Institute of Human Development Colloquium
States spent almost $10 billion on preschool programs in 2021, up from $2.4 billion in 2001. The number of children served in state preschool programs grew over the same period from just under 700,000 to over 1.5 million, more than double the number of preschool-age children served by the federal Head Start program. While several studies have found positive short- and long-term effects of preschool programs on a variety of student outcomes, some have found null and even negative results. There are many unresolved puzzles in the empirical literature on the causal impacts of expansions in public pre-K access that cannot be understood without embedding the collective evidence within a unified conceptual framework that empirically investigates the potential interactive effects of public investments before, during, and after the preschool period.

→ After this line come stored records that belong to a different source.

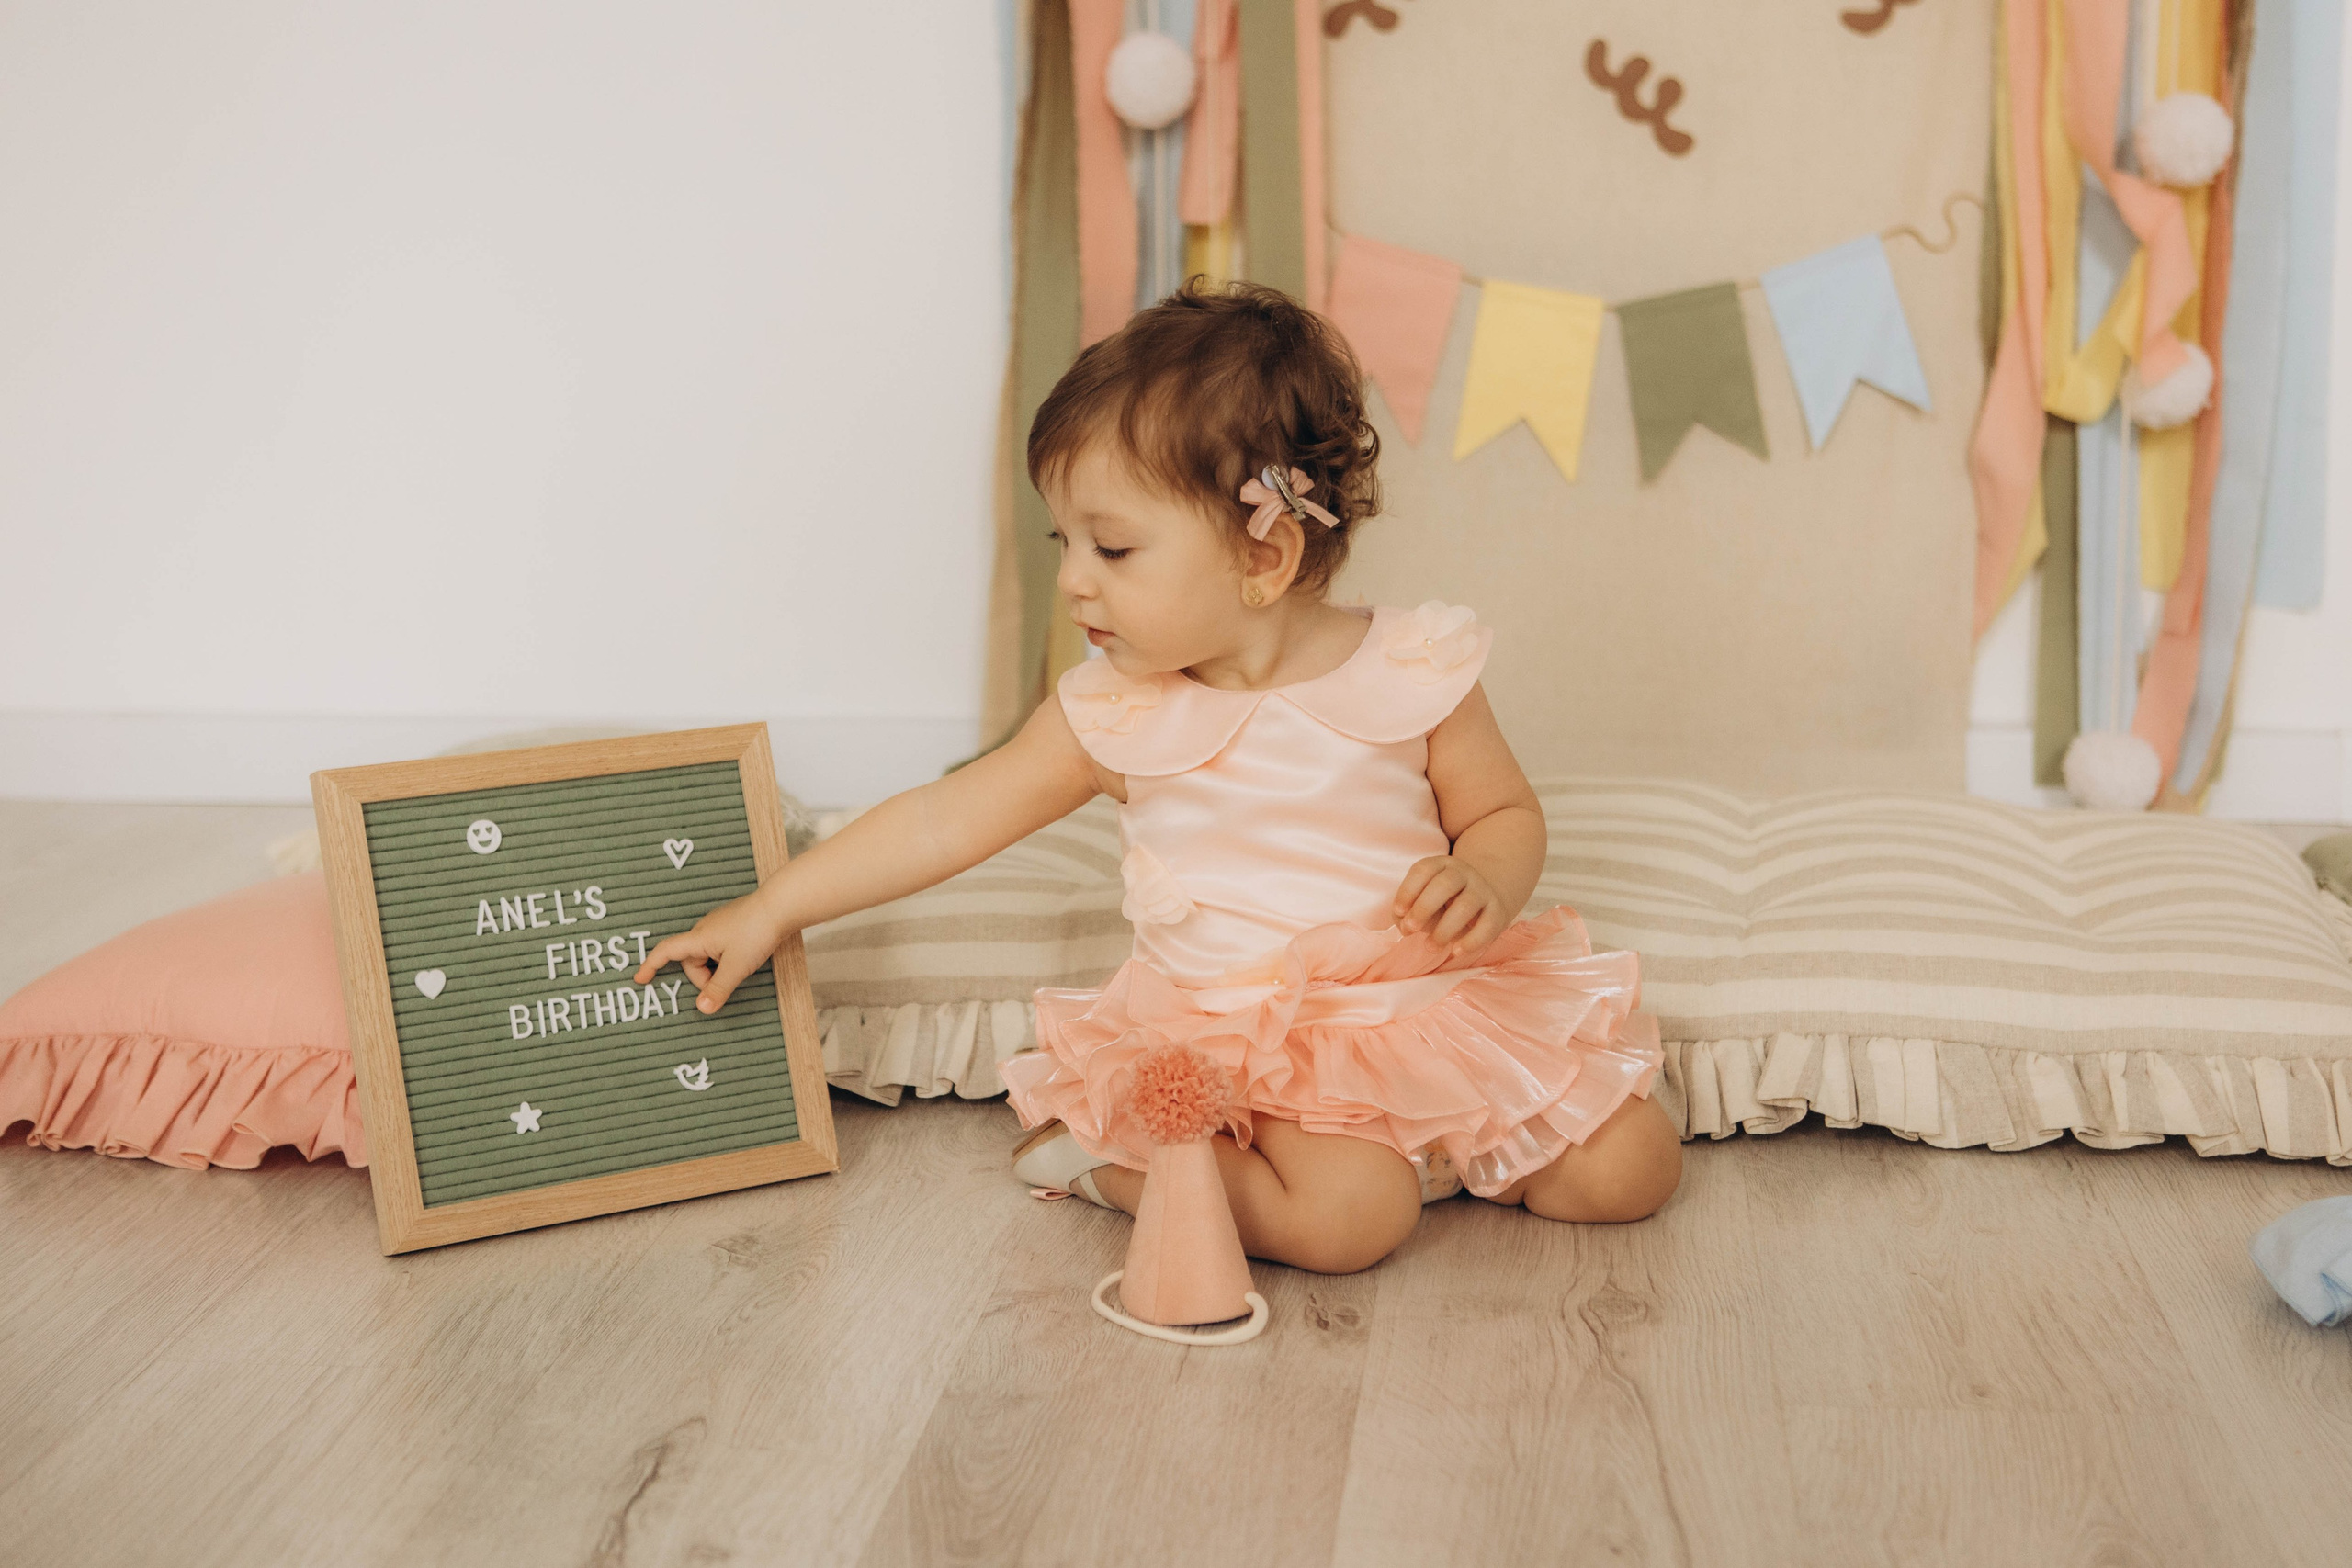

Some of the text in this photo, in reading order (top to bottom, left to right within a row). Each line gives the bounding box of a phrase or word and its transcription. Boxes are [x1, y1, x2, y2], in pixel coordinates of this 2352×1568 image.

[476, 886, 607, 936] ANEL'S
[546, 931, 650, 980] FIRST
[509, 979, 682, 1040] BIRTHDAY
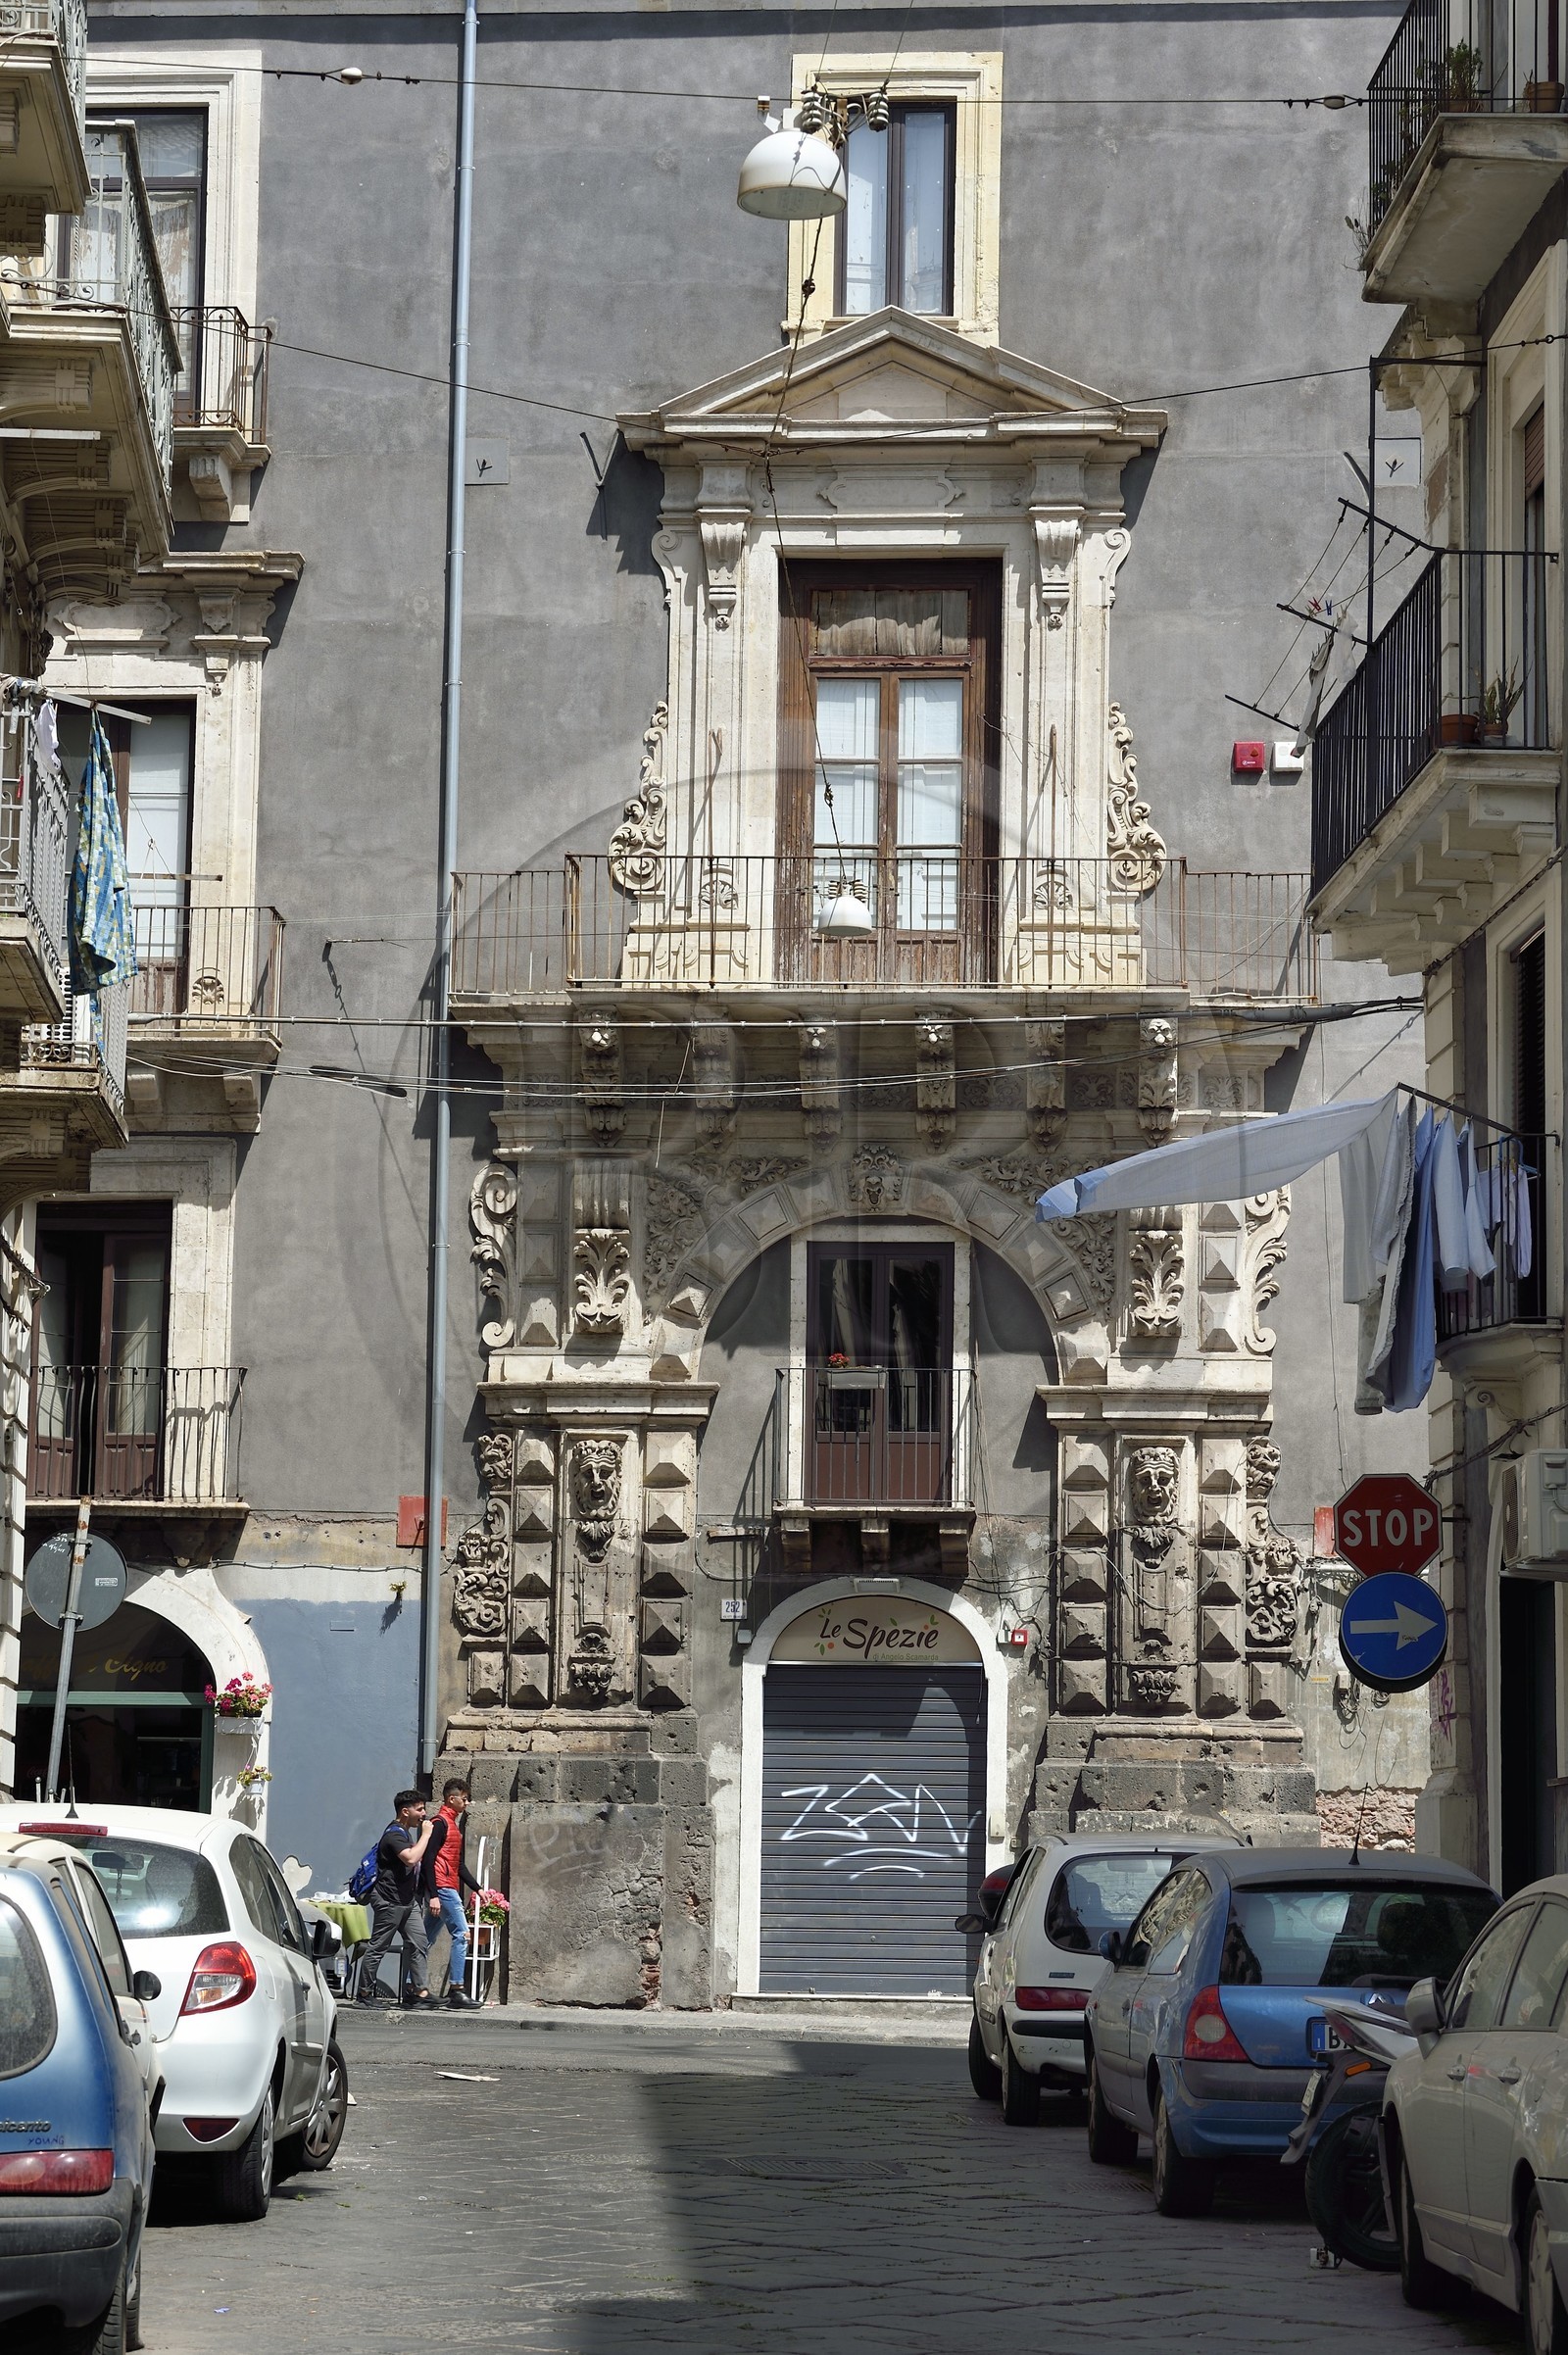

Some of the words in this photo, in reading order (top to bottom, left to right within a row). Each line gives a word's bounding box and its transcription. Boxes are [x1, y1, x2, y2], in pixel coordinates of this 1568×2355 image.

[1343, 1508, 1434, 1547] STOP
[725, 1600, 741, 1613] 252
[819, 1617, 842, 1639] Le
[842, 1617, 940, 1659] Spezie
[881, 1652, 905, 1661] Angelo
[906, 1652, 939, 1661] Scamarda
[27, 2134, 65, 2145] YOUNG

California's three recent education policy reforms—the introduction of Transitional Kindergarten (TK) and the Local Control Funding Formula (LCFF), and expansion of State pre-K investments (CSPP)—provide a unique opportunity to study such synergies, and to evaluate the essential public investments requisite to maximize early learning experiences for children. California's State Preschool Program (CSPP) is one of the largest public preschool programs in the country. Yet no large-scale studies have examined the influence of CSPP on children's development.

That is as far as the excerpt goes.